Я гляжу на Фишку, как будто сразу утратившего дар речи, и думаю, как бы заставить его заговорить снова. Неожиданно приходит мне на память истукан рабби Лейба Сореса[25]. Вспоминаю предание о том, как рабби создал глиняного истукана и вложил в него бумажку с именем божьим… Тогда истукан двинулся с места и стал выполнять все приказания рабби Лейба. «Прекрасно! — думаю. — Вот кстати вспомнил! Однако вместо имени божьего, которым воспользовался рабби Лейб, я применю иное средство: напомню своему истукану о девушке…» Начинаю поддавать жару, подогреваю Фишку разговорами о его горбунье. Я и сам при этом увлекся, заговорил от души, с огоньком и закончил свою речь следующим образом:
— Сколько ни в чем не повинных, несчастных детей на свете страдает и мучается за грехи своих родителей, которые потворствуют своим прихотям, думают о глупостях, разводятся и бросают детей своих, свою плоть и кровь, на произвол судьбы! Что им до детей! Они думают только о себе, о своей собственной душонке. Каждый из этих хваленых родителей женится, выходит замуж…
Я запнулся и подавился словом. Мой Алтер, вижу, разволновался — лица на нем нет. У меня сердце екнуло: как же это я маху дал, проговорился при Алтере, которого каждое мое слово не могло не задеть за живое! Я очень жалел об этом, казнился в душе и отчитывал себя: «Эх, Мендл, Мендл, пора бы тебе взяться за ум, не выбалтывать всю правду, как мальчишка! Ведь у тебя, слава тебе господи, борода вон какая выросла! Пора бы уже быть посолиднее, понимать, что полезно и хорошо. Ох, язык твой, язык!»
В душе я дал себе обет впредь остерегаться: слушать, смотреть и молчать, как это делают все умные, порядочные люди, усвоившие эту полезную в жизни манеру. Я буду всех только хвалить, чтобы снискать таким образом всеобщую любовь. Мне представились целые полчища наших хваленых добряков, дядюшек с сияющими личиками. Они суетятся, юлят, со всеми запанибрата, без них ни одно торжество не обходится, они неизменно довольны всем, целуются со всеми, кто рангом выше их, буквально тают от радости, когда говорят с кем-нибудь о выпавшем на его долю счастье, со слезами на глазах и с приторно-сладкой улыбочкой желают ему всякого блага, без удержу расхваливают его добродетели и щедро сулят ему царство небесное… Они подхватывают и передают всевозможные новости, вырастают всюду, где только пахнет какой-нибудь пирушкой или празднеством. Глазки у них постоянно светятся, лбы блестят, щеки румянятся, а носы влажны и в пупырышках. Они довольны, веселы, преисполнены радости. Благо вам, дяденьки!
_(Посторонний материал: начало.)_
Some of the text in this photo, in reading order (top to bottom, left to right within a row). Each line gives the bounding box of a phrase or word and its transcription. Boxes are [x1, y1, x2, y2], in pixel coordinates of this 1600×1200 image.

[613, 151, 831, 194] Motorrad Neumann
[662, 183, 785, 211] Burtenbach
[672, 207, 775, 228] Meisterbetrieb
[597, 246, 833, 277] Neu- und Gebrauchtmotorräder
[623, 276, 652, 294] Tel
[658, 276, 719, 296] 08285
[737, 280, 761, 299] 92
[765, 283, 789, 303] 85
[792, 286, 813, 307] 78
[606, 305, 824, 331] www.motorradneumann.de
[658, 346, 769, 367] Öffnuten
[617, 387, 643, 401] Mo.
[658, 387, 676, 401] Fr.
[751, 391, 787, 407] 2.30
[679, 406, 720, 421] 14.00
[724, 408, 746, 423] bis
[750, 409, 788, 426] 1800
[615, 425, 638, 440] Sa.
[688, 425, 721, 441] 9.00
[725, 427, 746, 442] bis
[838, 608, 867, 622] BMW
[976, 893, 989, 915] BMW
Отныне и я буду дяденькой. Мне до того понравилось это звание, что я несколько раз подряд с большим удовольствием повторил: «Дяденька! Дяденька Менделе! Дядюшка реб Менделе!..»
Дабы загладить свою вину перед Алтером, я начал ухаживать за ним и улещивать его сладкими речами:
— Реб Алтер, вам, бедненькому, наверное, неудобно сидеть! Вы, голубчик, сползли на самый край! У вас, родной мой, поди, все косточки болят от долгого сидения на одном месте? Перейдемте, прошу вас, ко мне в кибитку, там я вас устрою поудобнее. Выпьем по маленькой, подкрепимся…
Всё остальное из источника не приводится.